IN THE BEGINNING, God offered Adam and Eve some advice: "Be fruitful," He told them. "Multiply."
Excellent counsel, as it turned out. But if God were to repeat those instructions at the United Nations Conference on Population and Development, which begins Monday in Cairo, He'd be hooted off the stage.
Because what Al Gore would call the "central organizing principle" of the UN conference is that the world has too many people and that unless governments begin to impose strict population controls, mankind is headed inexorably toward environmental and economic catastrophe.
People-are-the-problem alarmism is not new, of course. Thomas Malthus published his grim "Essay on the Principle of Population" in 1798. Doomsayer Paul Ehrlich hyperventilated "The Population Bomb," his misanthropic bestseller, in 1968. (Opening paragraph: "The streets seemed alive with people. People eating, people washing, people sleeping. People visiting, arguing and screaming. People thrusting their hands through the taxi window, begging. People defecating and urinating. People clinging to buses. People herding animals. People, people, people, people.")
But the idea that human beings are mankind's greatest enemy has now become conventional wisdom, repeated everywhere:
- In a full-page ad in The New York Times, paid for by the Pew Charitable Trust: "The population of our fragile world may double by the time today's teens become grandparents. Many people think it's the biggest problem humanity now faces."
- In a Page 1 story in the Boston Sunday Globe: "The basic numbers . . . are alarming. The world is growing by 11,000 babies every hour, every day. . . . The implications of those numbers, many experts say, are staggering."
- In Time magazine: "The state of the environment in the latter part of the next century will be determined by one factor: human population.
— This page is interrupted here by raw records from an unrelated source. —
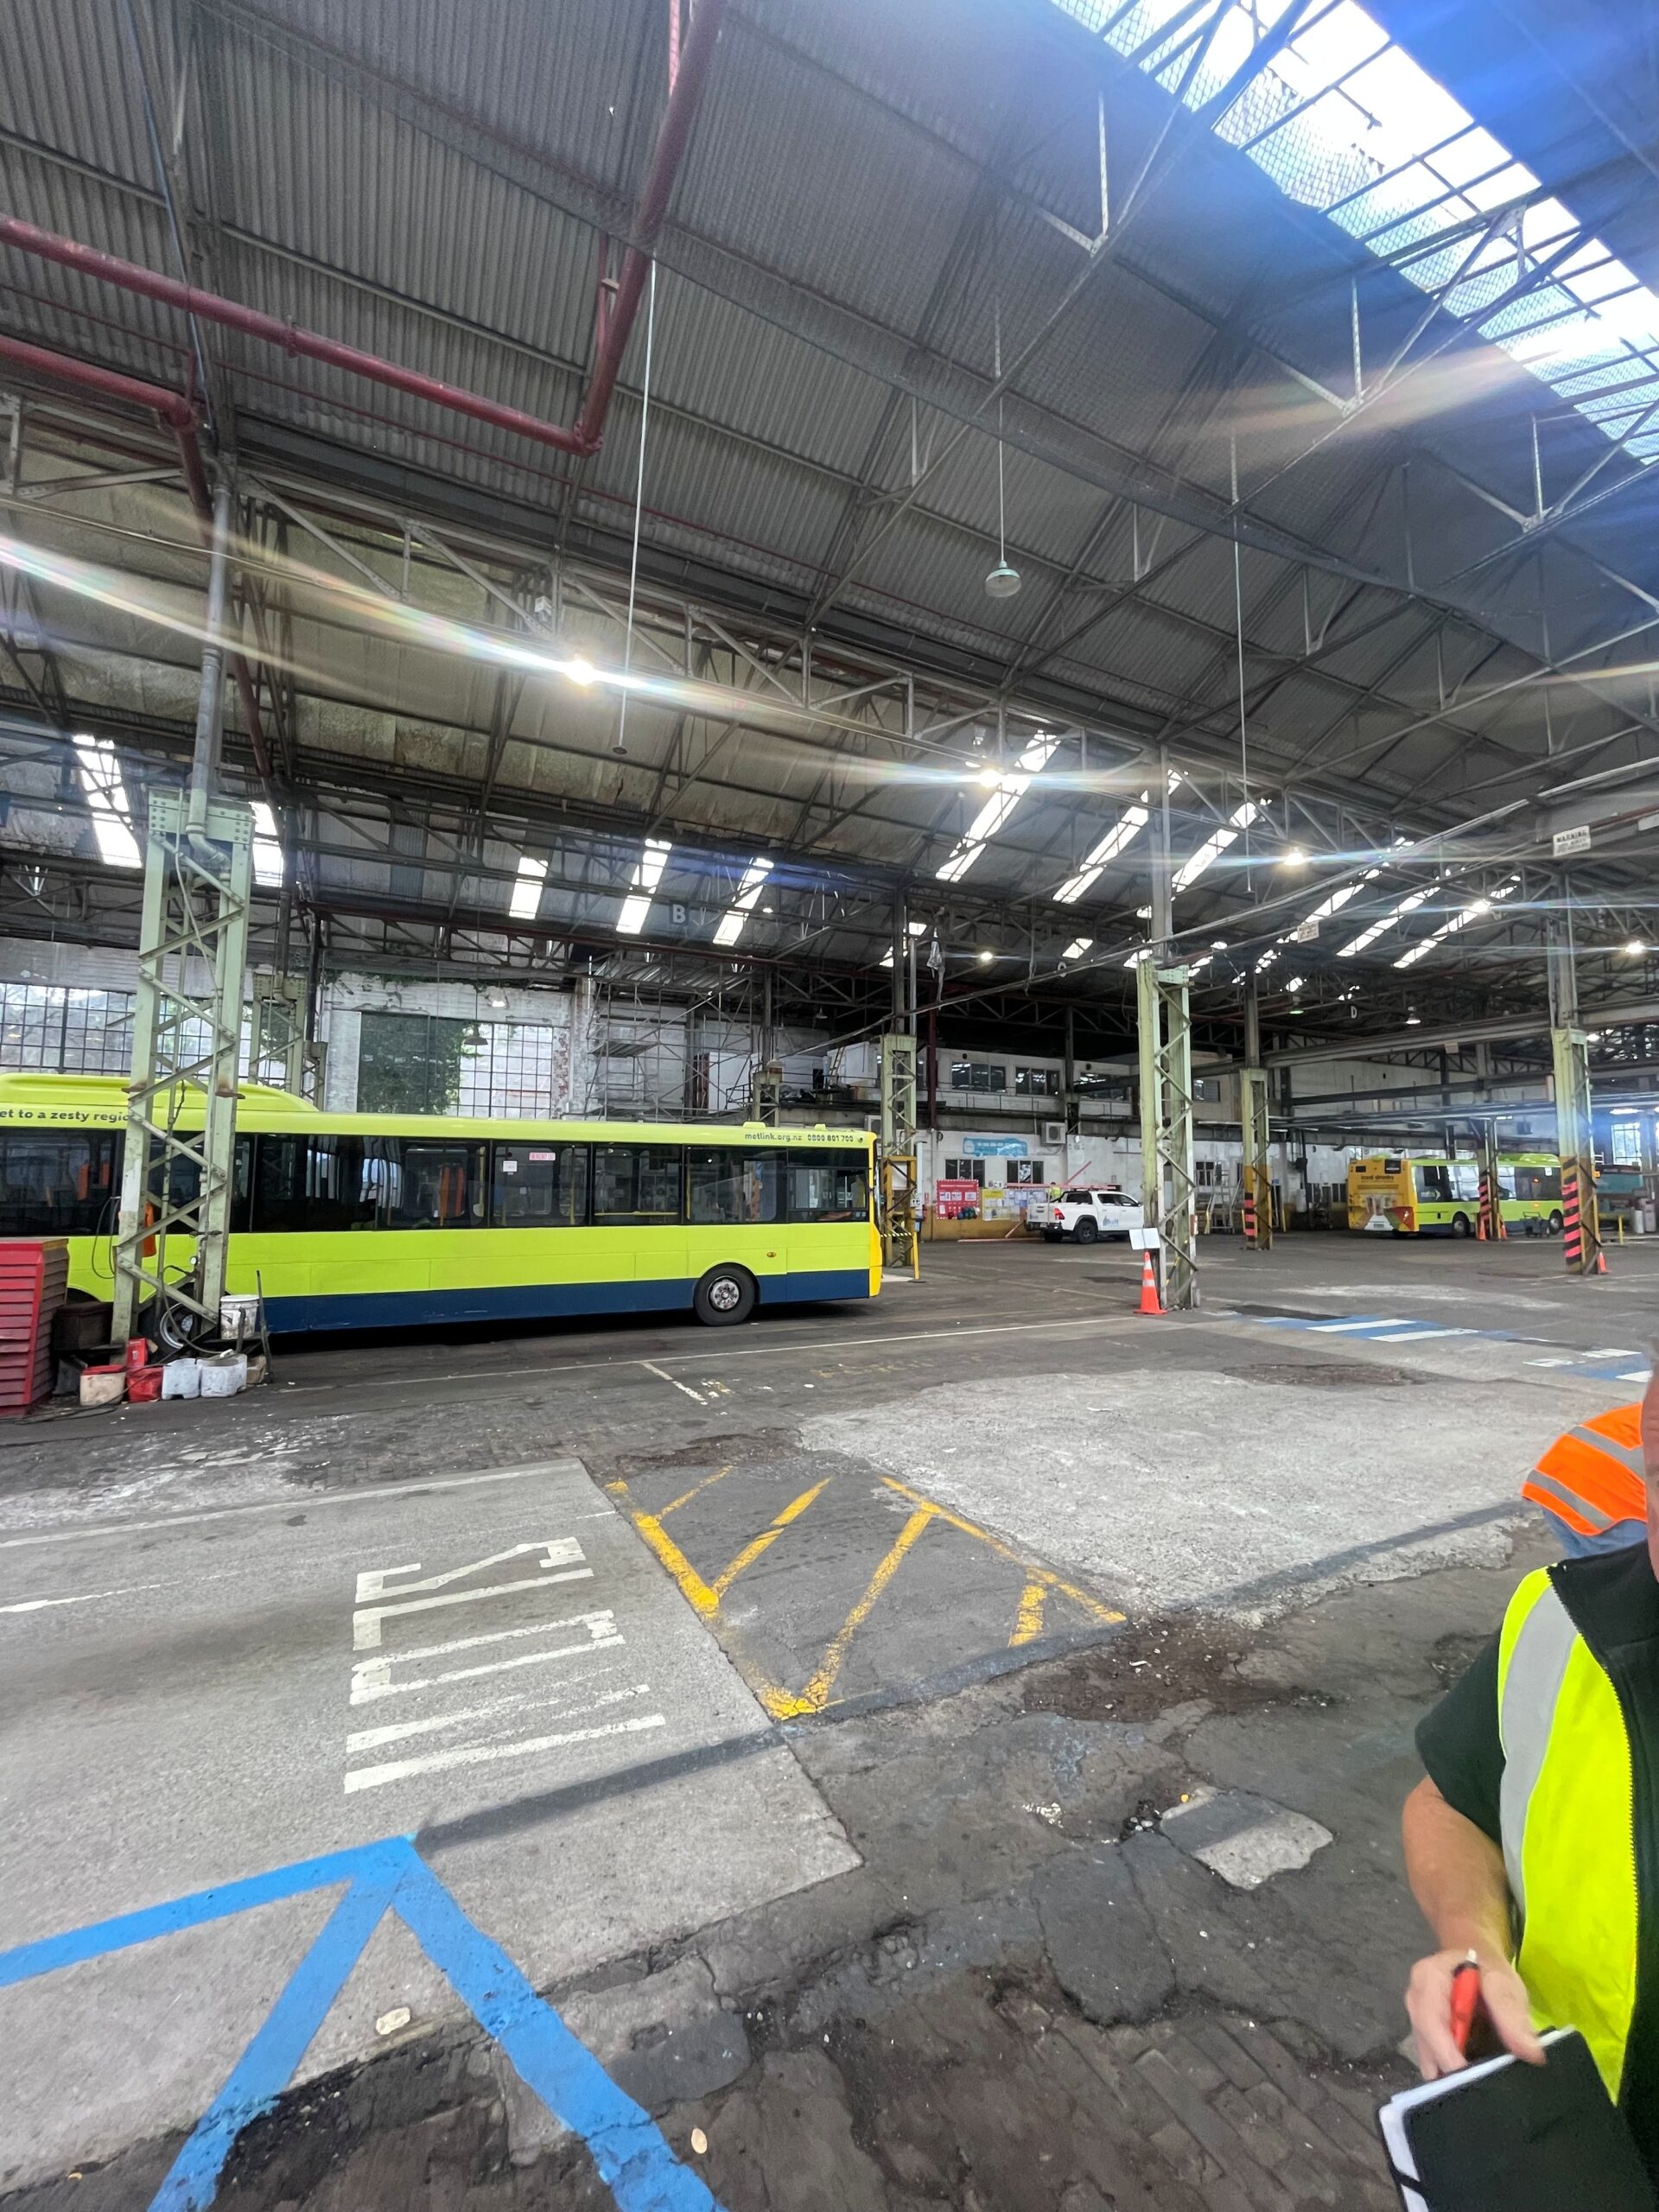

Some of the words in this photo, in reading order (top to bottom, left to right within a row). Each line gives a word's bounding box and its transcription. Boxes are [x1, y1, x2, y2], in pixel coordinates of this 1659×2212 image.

[1556, 830, 1587, 842] WARNING
[672, 904, 685, 923] B
[1351, 1005, 1357, 1019] D
[19, 1109, 33, 1118] to
[50, 1111, 89, 1122] zesty
[93, 1112, 130, 1123] regio
If the species doubles its numbers by 2050 to nearly 11 billion, humanity may complete the devastation that accelerated so steeply in this century."
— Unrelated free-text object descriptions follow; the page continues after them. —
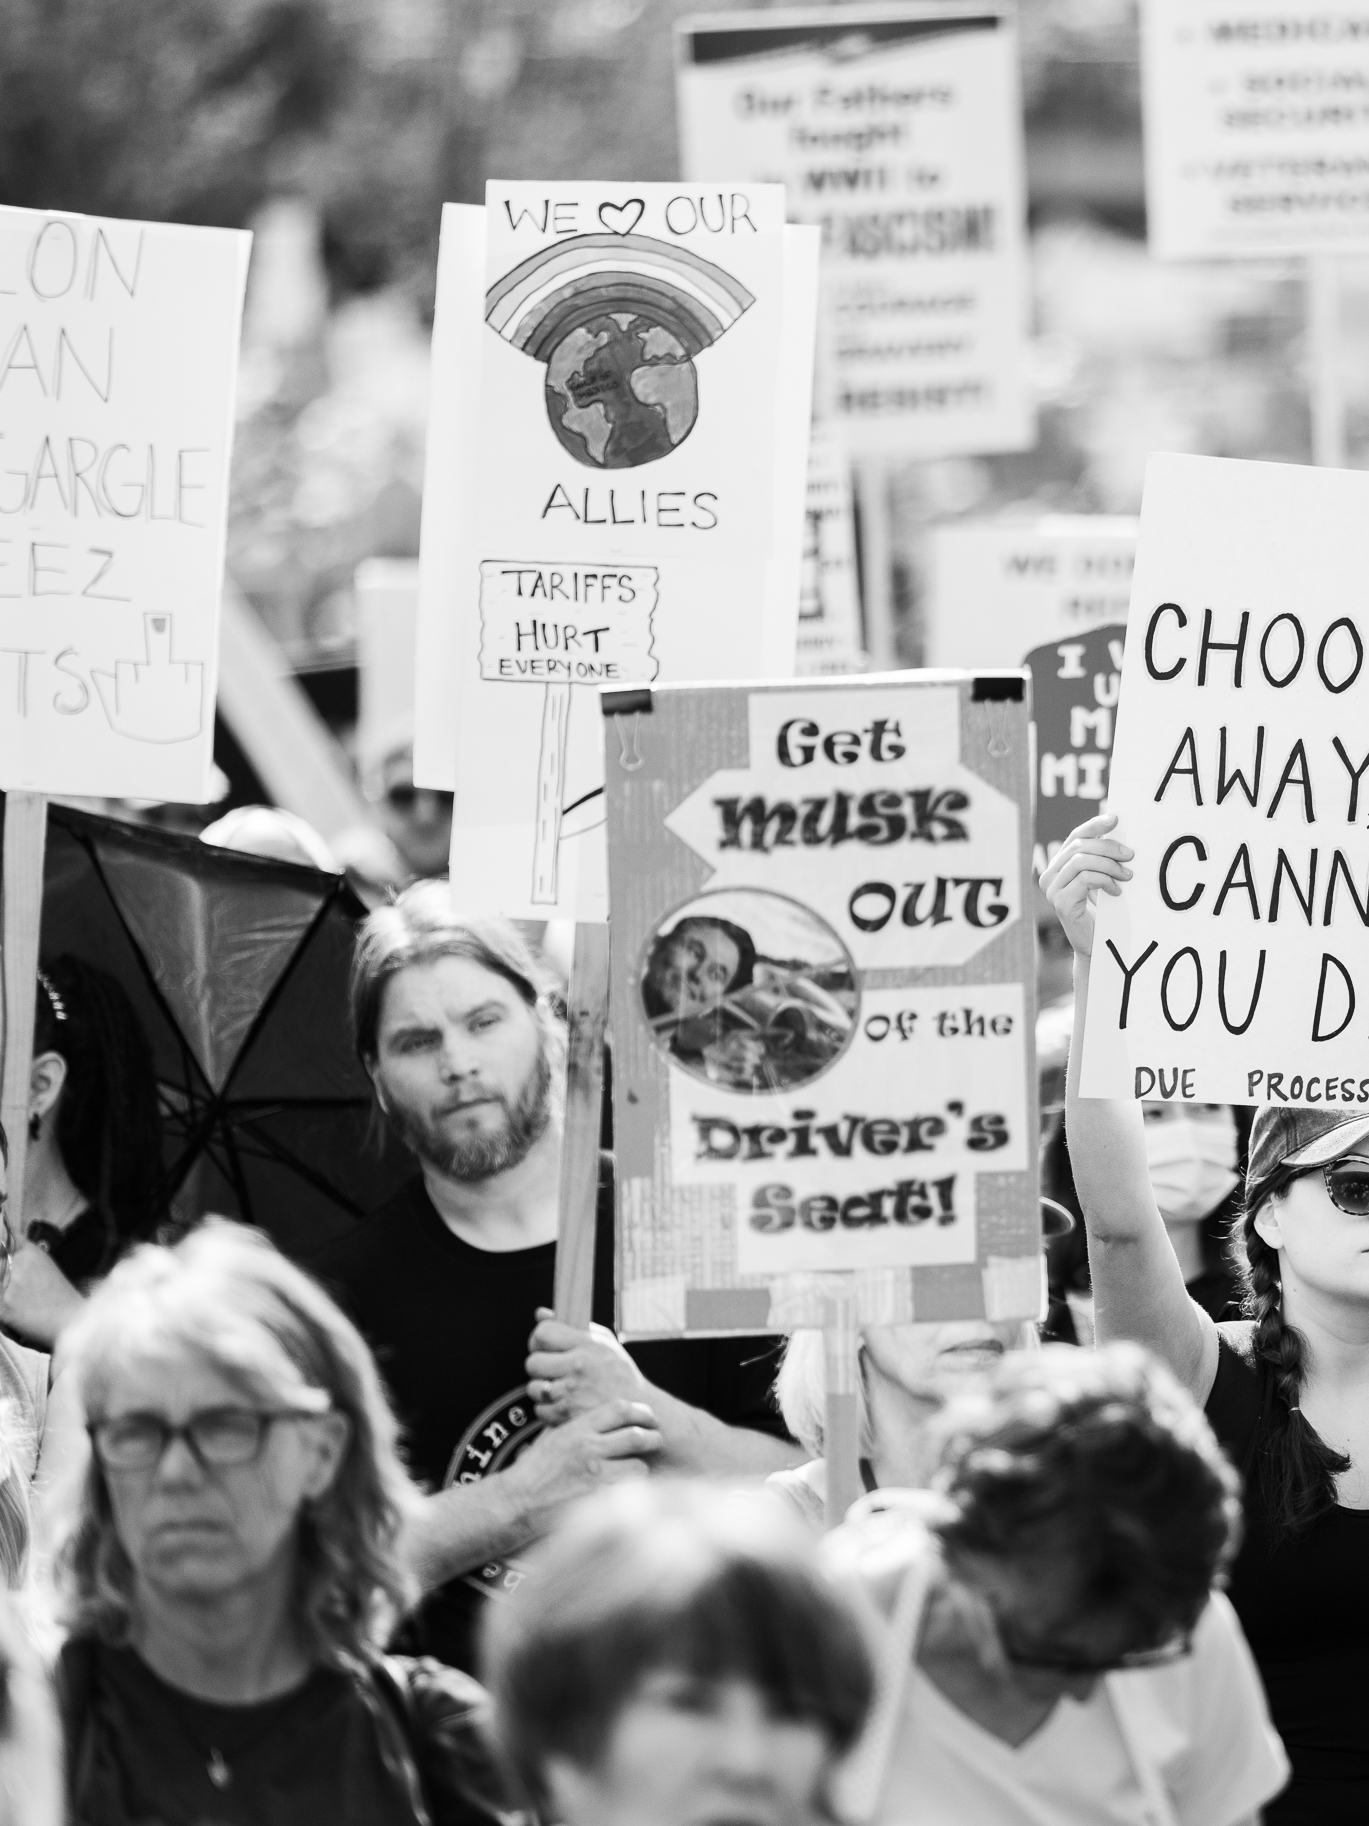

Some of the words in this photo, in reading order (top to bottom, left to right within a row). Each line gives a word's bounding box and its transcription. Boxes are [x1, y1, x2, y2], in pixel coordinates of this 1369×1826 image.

[504, 198, 579, 234] WE
[665, 194, 758, 235] OUR
[541, 483, 719, 530] ALLIES
[501, 569, 637, 603] TARIFFS
[516, 619, 611, 653] HURT
[499, 657, 621, 680] EVERYONE
[776, 719, 906, 768] Get
[1105, 938, 1267, 1036] YOU
[866, 1012, 918, 1043] of
[938, 1008, 1013, 1037] the
[1134, 1066, 1196, 1099] DUE
[692, 1100, 1010, 1161] Driver's
[752, 1174, 956, 1232] Seat!
- In the "Priority Statement on Population" signed by scores of environmental and liberal groups, including the World Wildlife Fund, the Fund for a Feminist Majority, Planned Parenthood, and People for the Ethical Treatment of Animals: "The increase in population and in resource consumption are basic causes of human suffering and environmental degradation."
- In a fund-raising letter from Zero Population Growth, a major population control organization: "Hunger and overpopulation are inextricably connected in places like Africa, where devastating drought, connected with the fastest population growth in human history, has led to widespread famine."
Wrong.
People are not the world's greatest problem; they are its greatest resource. The more human beings there are, the better off human life tends to be. It has ever been thus. That is why so many of us choose to live where population is the densest, often paying a premium for the privilege.
New York City, with its staggering population density of 25,000 per square mile, has some of the highest rents and steepest property values in North America. Hong Kong's population has tripled since the end of World War II; today it is among the most crowded places on earth -- and among the wealthiest. Both Hong Kong and New York exert a powerful magnetic pull on outsiders, most of whom come from homelands (or hometowns) that are far less congested.
The population controllers insist that a growing population leads to hunger and misery. The evidence is against them. Even as Zero Population Growth waxes hysterical, the supply of food in the Third World is increasing at twice the rate of the population. The number of people stricken with famine is but a fraction of what it was a century ago, even though the world's population has tripled. When famine does occur, it is nearly always in a sparsely populated country like Somalia or Ethiopia, not a land teeming with people like South Korea or Taiwan.
The link between rising population and shrinking wealth is nonexistent. Babies don't cause poverty. There is simply no statistical support for the notion that more people mean a weaker economy. None. The National Academy of Sciences used to claim such a link, but, overwhelmed by data refuting that view, abandoned it eight years ago.
If a shrinking population enriched a place, Ireland should have boomed after the Great Potato Famine, which killed a million Irish and prompted 1.6 million to leave. If life improves when there are fewer people, Rust Belt states should have rejoiced to see so many residents head South during the '70s and '80s.
The calls for limiting population contain undertones coercive and racist. It isn't prosperous white people in America and Europe whose numbers are to be held down, after all. If the black, brown, and yellow people of the less-developed world don't agree voluntarily to stop raising large families, "the only policy option remaining" -- I quote the Carrying Capacity Network, a prominent antipopulation outfit -- "would be a desperate last-ditch use of coercive mandatory sterilization or other such programs."
The Cairo delegates will be careful not to use such menacing rhetoric. But at the heart of their crusade to choke off population growth is an impulse deeply unnatural: that the human species will be better off if fewer families are formed and fewer babies born.
Normal men and women know from instinct that that is false. It is healthy to marry, and good to have children. Even better to have grandchildren. Every new baby is a blessing, and to grow old surrounded by family is a precious gift.
(Jeff Jacoby is a columnist for The Boston Globe).